Issue: Whether or not the corporate life of a corporation be extended during the period of winding up or after it’s charter has already expired.

Held: No. The common law rule, at the beginning, was rigid and inflexible in that upon its dissolution, a corporation became legally dead for all purposes. Statutory authorizations had to be provided for its continuance after dissolution “for limited and specified purposes incident to complete liquidation of its affairs”. Thus, the moment a corporation’s right to exist as an “artificial person” ceases, its corporate powers are terminated “just as the powers of a natural person to take part in mundane affairs cease to exist upon his death”. There is nothing left but to conduct, as it were, the settlement of the estate of a deceased juridical person.

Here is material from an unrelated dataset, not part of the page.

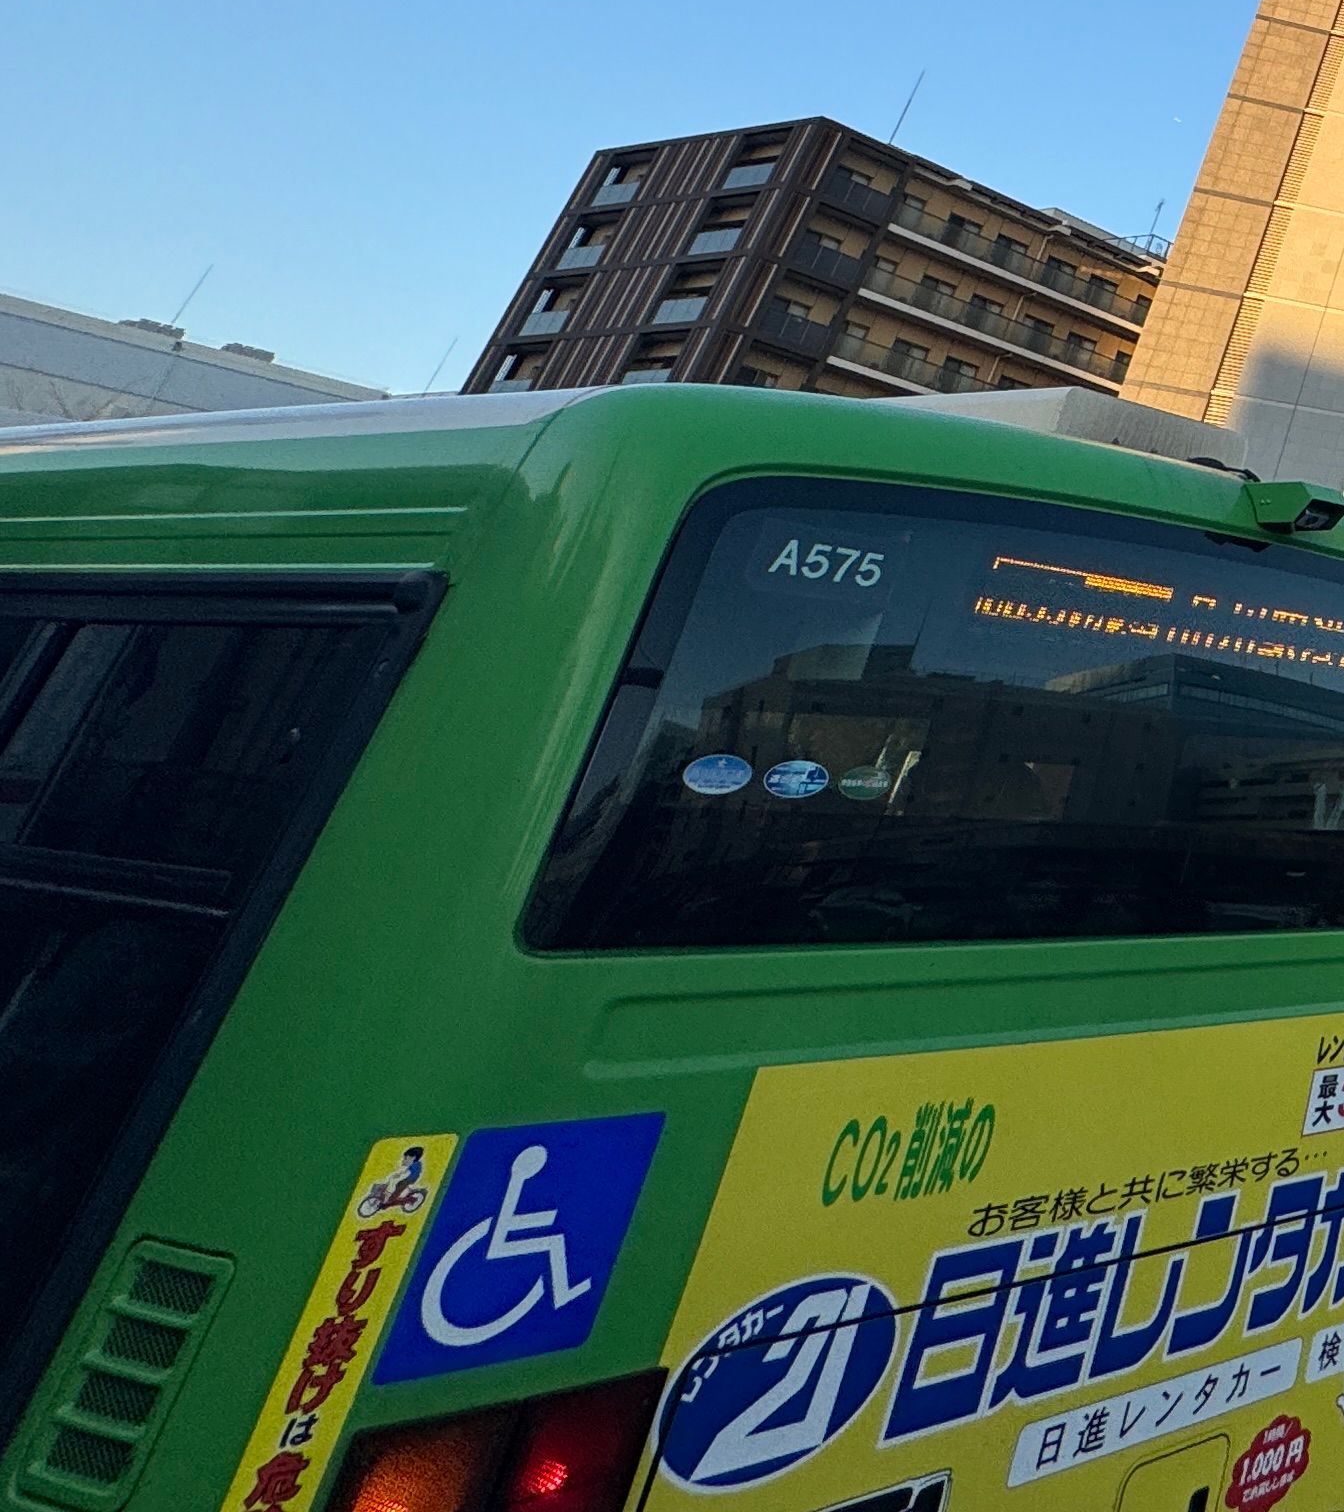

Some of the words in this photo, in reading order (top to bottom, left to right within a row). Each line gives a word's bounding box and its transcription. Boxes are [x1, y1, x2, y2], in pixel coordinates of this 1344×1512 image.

[768, 539, 884, 587] A575
[244, 1220, 407, 1512] すり抜けは危
[1035, 1361, 1282, 1472] 日進レンタカー

From July 15 to October 28, 1963, when Alhambra made its attempt to extend its corporate existence, its original term of fifty years had already expired (January 15, 1962); it was in the midst of the three-year grace period statutorily fixed in Section 77 of the Corporation Law, thus: .

SEC. 77. Every corporation whose charter expires by its own limitation or is annulled by forfeiture or otherwise, or whose corporate existence for other purposes is terminated in any other manner, shall nevertheless be continued as a body corporate for three years after the time when it would have been so dissolved, for the purpose of prosecuting and defending suits by or against it and of enabling it gradually to settle and close its affairs, to dispose of and convey its property and to divide its capital stock, but not for the purpose of continuing the business for which it was established.

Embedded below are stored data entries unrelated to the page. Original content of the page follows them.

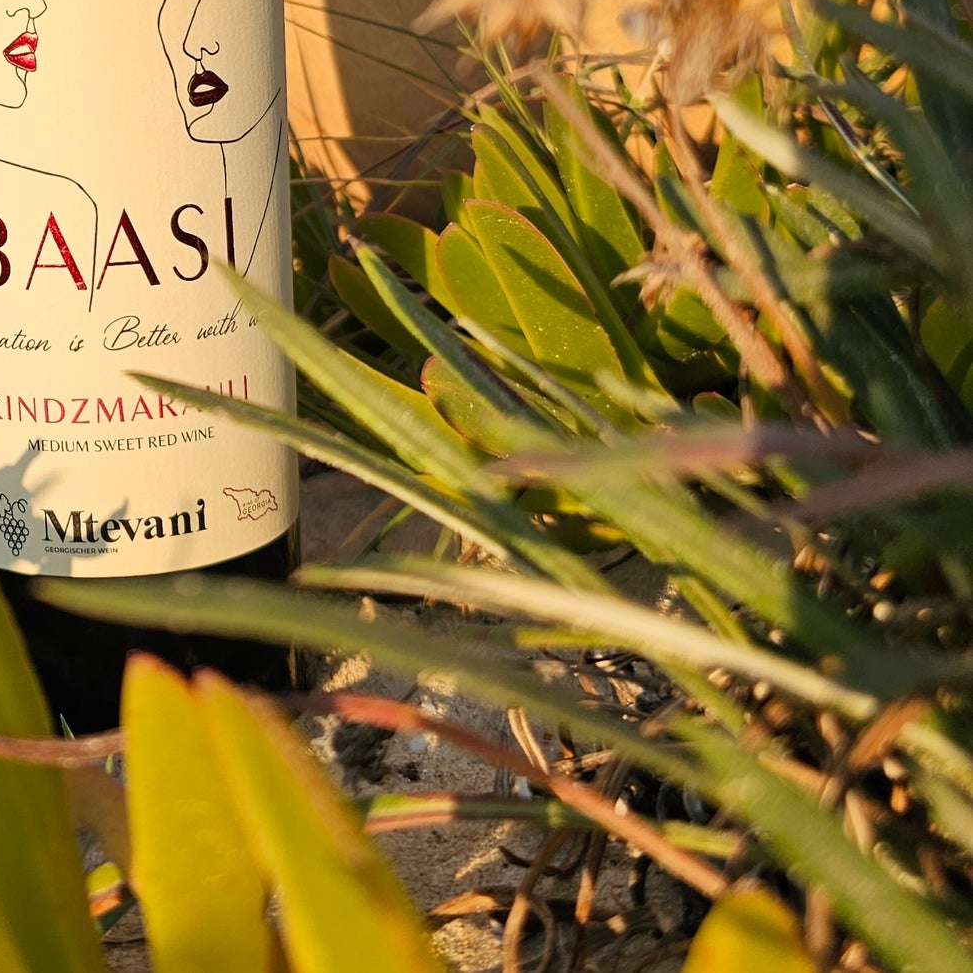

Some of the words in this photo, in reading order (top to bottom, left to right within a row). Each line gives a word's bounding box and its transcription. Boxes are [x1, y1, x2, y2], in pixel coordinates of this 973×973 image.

[68, 333, 85, 353] is
[102, 314, 182, 352] Better
[196, 298, 244, 340] with
[27, 438, 90, 453] MEDIUM
[93, 437, 144, 453] SWEET
[148, 432, 178, 449] RED
[180, 426, 216, 443] WINE
[242, 498, 272, 515] GEORGIA
[39, 497, 209, 544] Mtevani
[44, 545, 97, 555] GEORGISCHER
[97, 546, 120, 555] WEIN

Plain from the language of the provision is its meaning: continuance of a “dissolved” corporation as a body corporate for three years has for its purpose the final closure of its affairs, and no other; the corporation is specifically enjoined from “continuing the business for which it was established”. The liquidation of the corporation’s affairs set forth in Section 77 became necessary precisely because its life had ended. For this reason alone, the corporate existence and juridical personality of that corporation to do business may no longer be extended.

Silence of the law on the matter is not hard to understand. Specificity is not really necessary. The authority to prolong corporate life was inserted by Republic Act 3531 into a section of the law that deals with the power of a corporation to amend its articles of incorporation. (For, the manner of prolongation is through an amendment of the articles.) And it should be clearly evident that under Section 77 no corporation in a state of liquidation can act in any way, much less amend its articles, “for the purpose of continuing the business for which it was established”.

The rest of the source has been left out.